Is it hard? Yes. Is it worth it? If we are alive and value the ability to live with all that comes with it, then yes. We are humans, filled with curiosity, and an innate desire to survive as a species. We spend years, perhaps nearly our entire lives, searching for some meaning of some sort.

Each rite of passage in life grants us additional freedoms: birth, infancy, childhood, adolescence, adulthood, reproduction, old age, and death.

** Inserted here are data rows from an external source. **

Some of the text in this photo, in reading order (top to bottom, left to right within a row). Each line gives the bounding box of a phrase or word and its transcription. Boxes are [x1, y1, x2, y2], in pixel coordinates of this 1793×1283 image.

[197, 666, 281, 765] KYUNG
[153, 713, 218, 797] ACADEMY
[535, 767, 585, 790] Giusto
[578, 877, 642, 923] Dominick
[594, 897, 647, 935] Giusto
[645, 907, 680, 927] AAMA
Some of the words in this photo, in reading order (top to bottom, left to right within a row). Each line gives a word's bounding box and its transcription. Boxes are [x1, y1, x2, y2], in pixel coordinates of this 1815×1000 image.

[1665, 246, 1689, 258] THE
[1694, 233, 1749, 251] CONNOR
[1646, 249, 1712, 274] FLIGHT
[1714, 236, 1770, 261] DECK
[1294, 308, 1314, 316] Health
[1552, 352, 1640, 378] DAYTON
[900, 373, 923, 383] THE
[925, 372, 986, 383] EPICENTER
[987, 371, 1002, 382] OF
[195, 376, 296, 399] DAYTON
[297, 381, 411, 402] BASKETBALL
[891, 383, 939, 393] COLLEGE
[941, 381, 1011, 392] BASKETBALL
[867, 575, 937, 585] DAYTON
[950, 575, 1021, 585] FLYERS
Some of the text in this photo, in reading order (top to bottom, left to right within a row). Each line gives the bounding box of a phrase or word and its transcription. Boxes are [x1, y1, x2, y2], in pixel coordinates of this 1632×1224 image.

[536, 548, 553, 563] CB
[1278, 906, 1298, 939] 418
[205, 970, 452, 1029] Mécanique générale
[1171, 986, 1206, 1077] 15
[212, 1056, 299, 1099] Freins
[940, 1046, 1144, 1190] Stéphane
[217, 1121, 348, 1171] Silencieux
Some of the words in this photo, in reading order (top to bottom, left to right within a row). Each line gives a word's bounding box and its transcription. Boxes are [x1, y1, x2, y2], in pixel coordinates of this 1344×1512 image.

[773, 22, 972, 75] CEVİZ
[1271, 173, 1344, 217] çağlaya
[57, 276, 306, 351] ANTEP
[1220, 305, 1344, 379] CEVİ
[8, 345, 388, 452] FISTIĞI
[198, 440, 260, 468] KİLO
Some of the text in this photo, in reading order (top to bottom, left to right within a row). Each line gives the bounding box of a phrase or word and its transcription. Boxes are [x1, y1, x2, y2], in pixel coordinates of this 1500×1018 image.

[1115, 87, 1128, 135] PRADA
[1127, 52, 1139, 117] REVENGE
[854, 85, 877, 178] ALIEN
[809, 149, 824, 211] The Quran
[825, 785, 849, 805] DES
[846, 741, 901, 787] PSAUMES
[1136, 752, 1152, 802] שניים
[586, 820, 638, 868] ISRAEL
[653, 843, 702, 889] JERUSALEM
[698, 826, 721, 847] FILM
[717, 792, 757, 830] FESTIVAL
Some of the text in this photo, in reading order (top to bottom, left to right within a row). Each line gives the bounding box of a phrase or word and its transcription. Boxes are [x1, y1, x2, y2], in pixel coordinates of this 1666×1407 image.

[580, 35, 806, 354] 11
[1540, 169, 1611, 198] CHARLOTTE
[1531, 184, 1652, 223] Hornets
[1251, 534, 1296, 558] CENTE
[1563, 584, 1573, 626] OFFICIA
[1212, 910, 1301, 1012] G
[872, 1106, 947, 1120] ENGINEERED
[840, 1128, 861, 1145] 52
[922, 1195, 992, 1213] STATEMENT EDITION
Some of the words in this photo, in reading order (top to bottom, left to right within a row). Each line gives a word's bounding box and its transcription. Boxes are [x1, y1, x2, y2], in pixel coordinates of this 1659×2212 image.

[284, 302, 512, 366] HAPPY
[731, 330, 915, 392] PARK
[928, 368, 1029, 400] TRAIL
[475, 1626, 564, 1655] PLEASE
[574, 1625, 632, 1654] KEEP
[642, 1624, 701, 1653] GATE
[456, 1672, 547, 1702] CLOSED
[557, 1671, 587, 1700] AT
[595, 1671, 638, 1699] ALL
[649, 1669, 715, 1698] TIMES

Each stage is a battle with survivors entering the next stage with gifts and strengths that will enable continuation into the next phase of life. Within many cultures, a good death involves family, ritual, and acceptance of what lies beyond the border that defines life as we understand it.

Just as we bounce back from the various illnesses and blows while remaining alive on a biological level, the final celebration of life’s cessation in the form of death often is judged as being “good” or “bad” by those who see, but cannot feel as they are among the living. Like birth, death is a solo act. Exiting life on our own terms or as we desire are acts of resilience and freedom.

Fireworks [Pixabay]

The past year or so reinforced how we might not always be lucky enough to choose the exit from this human life due to pandemic constraints. This summer, freedom in its many forms also means the ability to honor the dead in our customary manner and for those who are dying to choose the manner in which they will leave.

In the end, for those who celebrate Independence Day and freedom in any form, the choice and ability to bounce back to a state that we desire is the ultimate sign of resilience. As a part of the dark half of the year, we can gaze internally to cheer our successes just as we lead busy lives outwardly. We can enjoy the still-long days of summer, as we relax with loved ones, and acknowledge with each deep breath that we have made it. Our resilience is the best celebration of life.